(DATASET RECORDS)

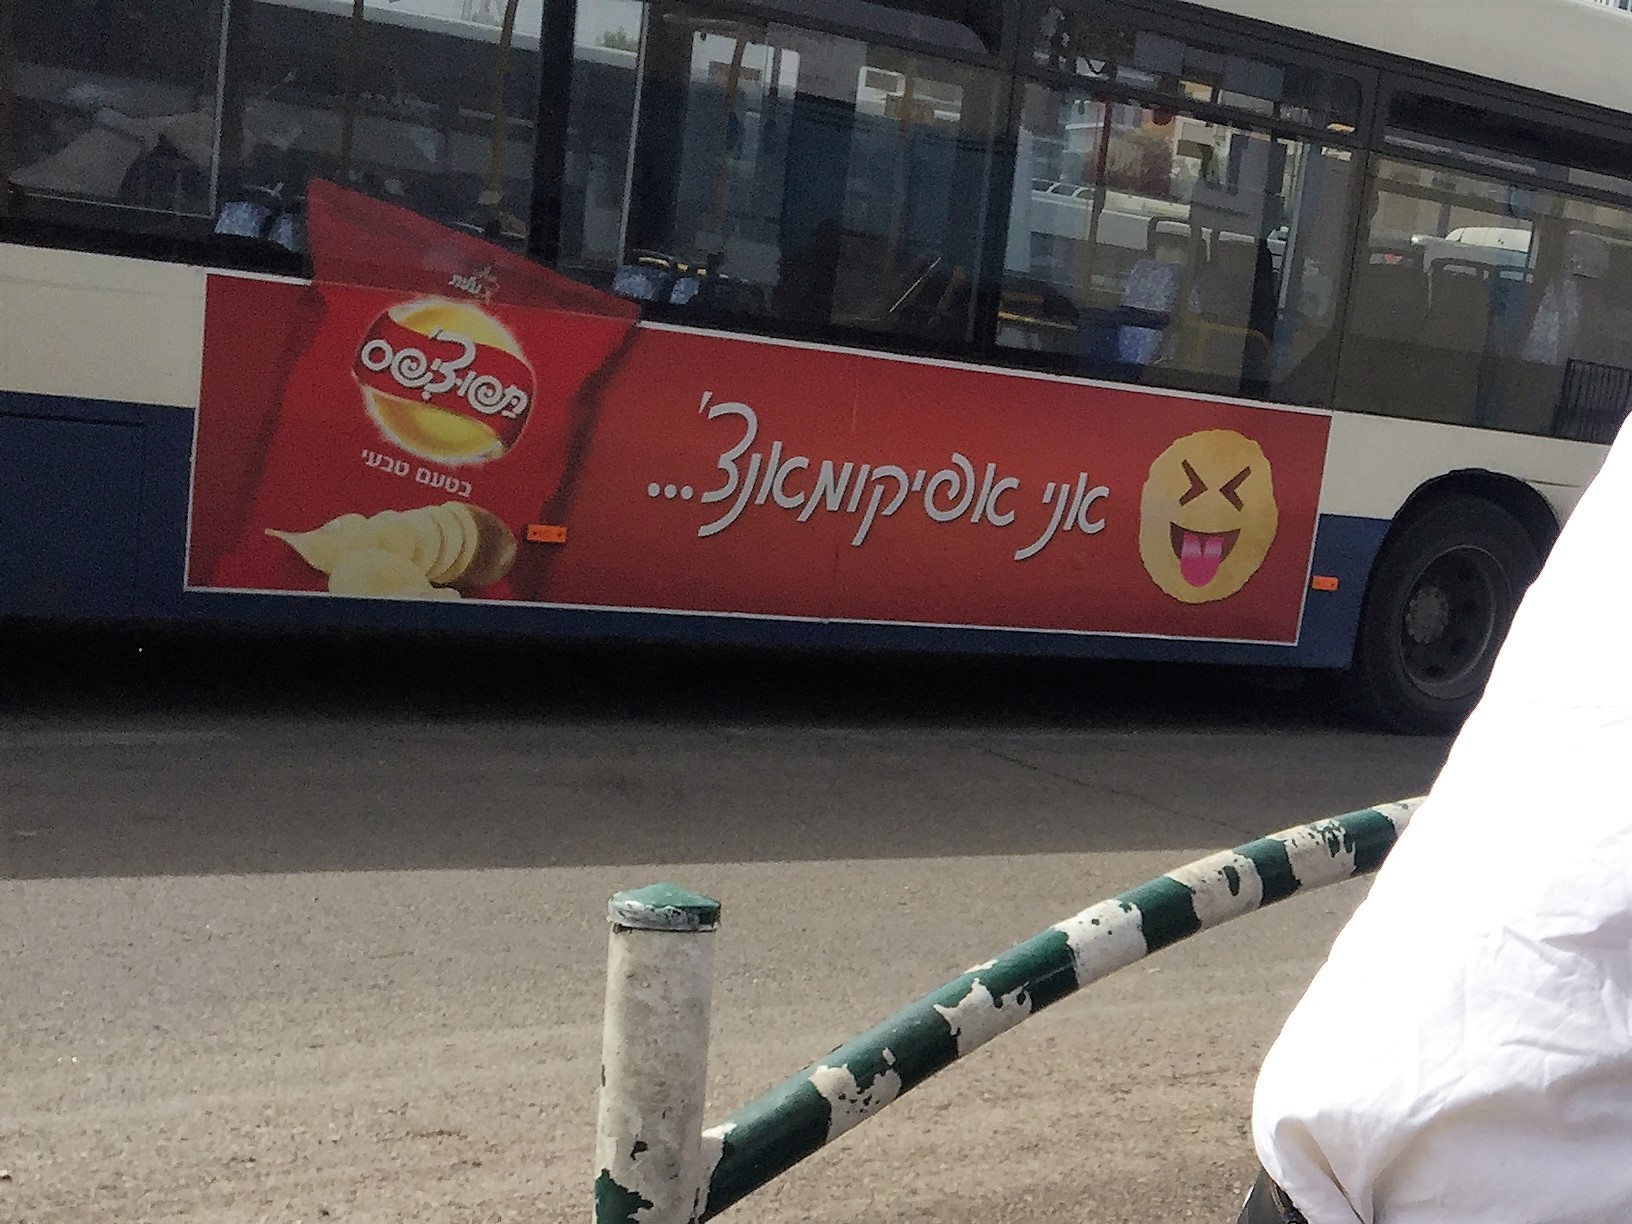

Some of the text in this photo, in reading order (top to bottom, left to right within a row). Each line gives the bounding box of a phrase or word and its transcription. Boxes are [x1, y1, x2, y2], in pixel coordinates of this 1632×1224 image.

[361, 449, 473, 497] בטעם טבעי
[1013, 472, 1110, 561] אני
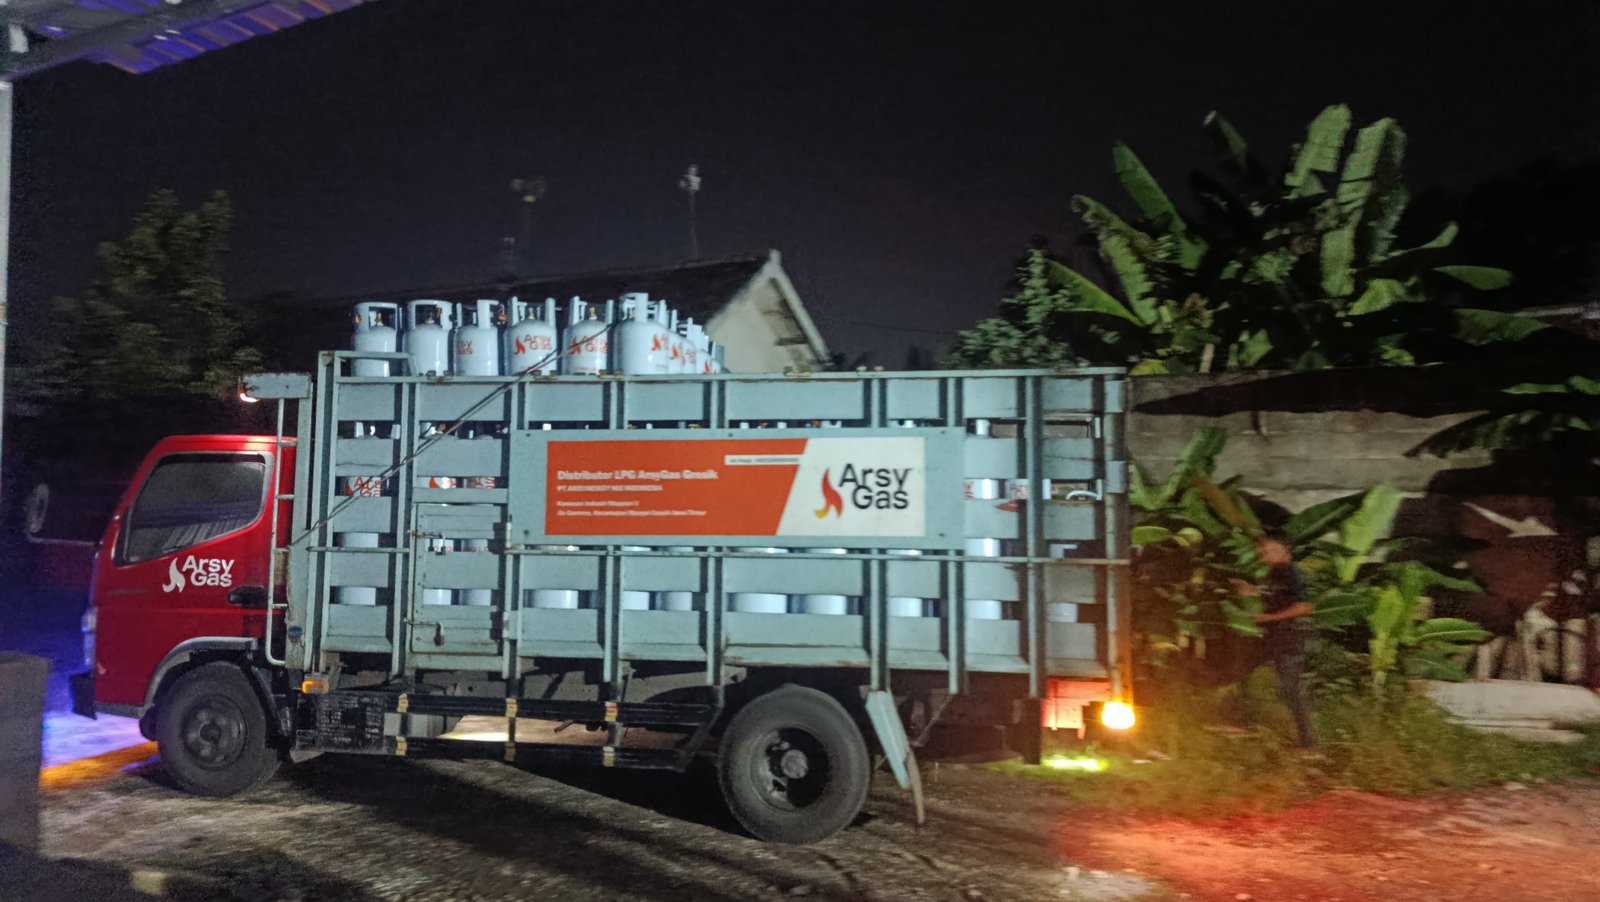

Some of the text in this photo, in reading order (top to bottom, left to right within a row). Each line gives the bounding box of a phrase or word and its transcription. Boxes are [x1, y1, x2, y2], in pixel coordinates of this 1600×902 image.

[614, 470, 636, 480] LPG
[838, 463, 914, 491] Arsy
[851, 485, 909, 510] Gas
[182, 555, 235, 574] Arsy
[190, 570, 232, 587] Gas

(End DATASET RECORDS)

Every line from the one holding "this 1600×902 image." through the last line of the listing above should be set down exactly, and nothing more.

SOLUTION:
Some of the text in this photo, in reading order (top to bottom, left to right within a row). Each line gives the bounding box of a phrase or word and its transcription. Boxes are [x1, y1, x2, y2], in pixel coordinates of this 1600×902 image.

[614, 470, 636, 480] LPG
[838, 463, 914, 491] Arsy
[851, 485, 909, 510] Gas
[182, 555, 235, 574] Arsy
[190, 570, 232, 587] Gas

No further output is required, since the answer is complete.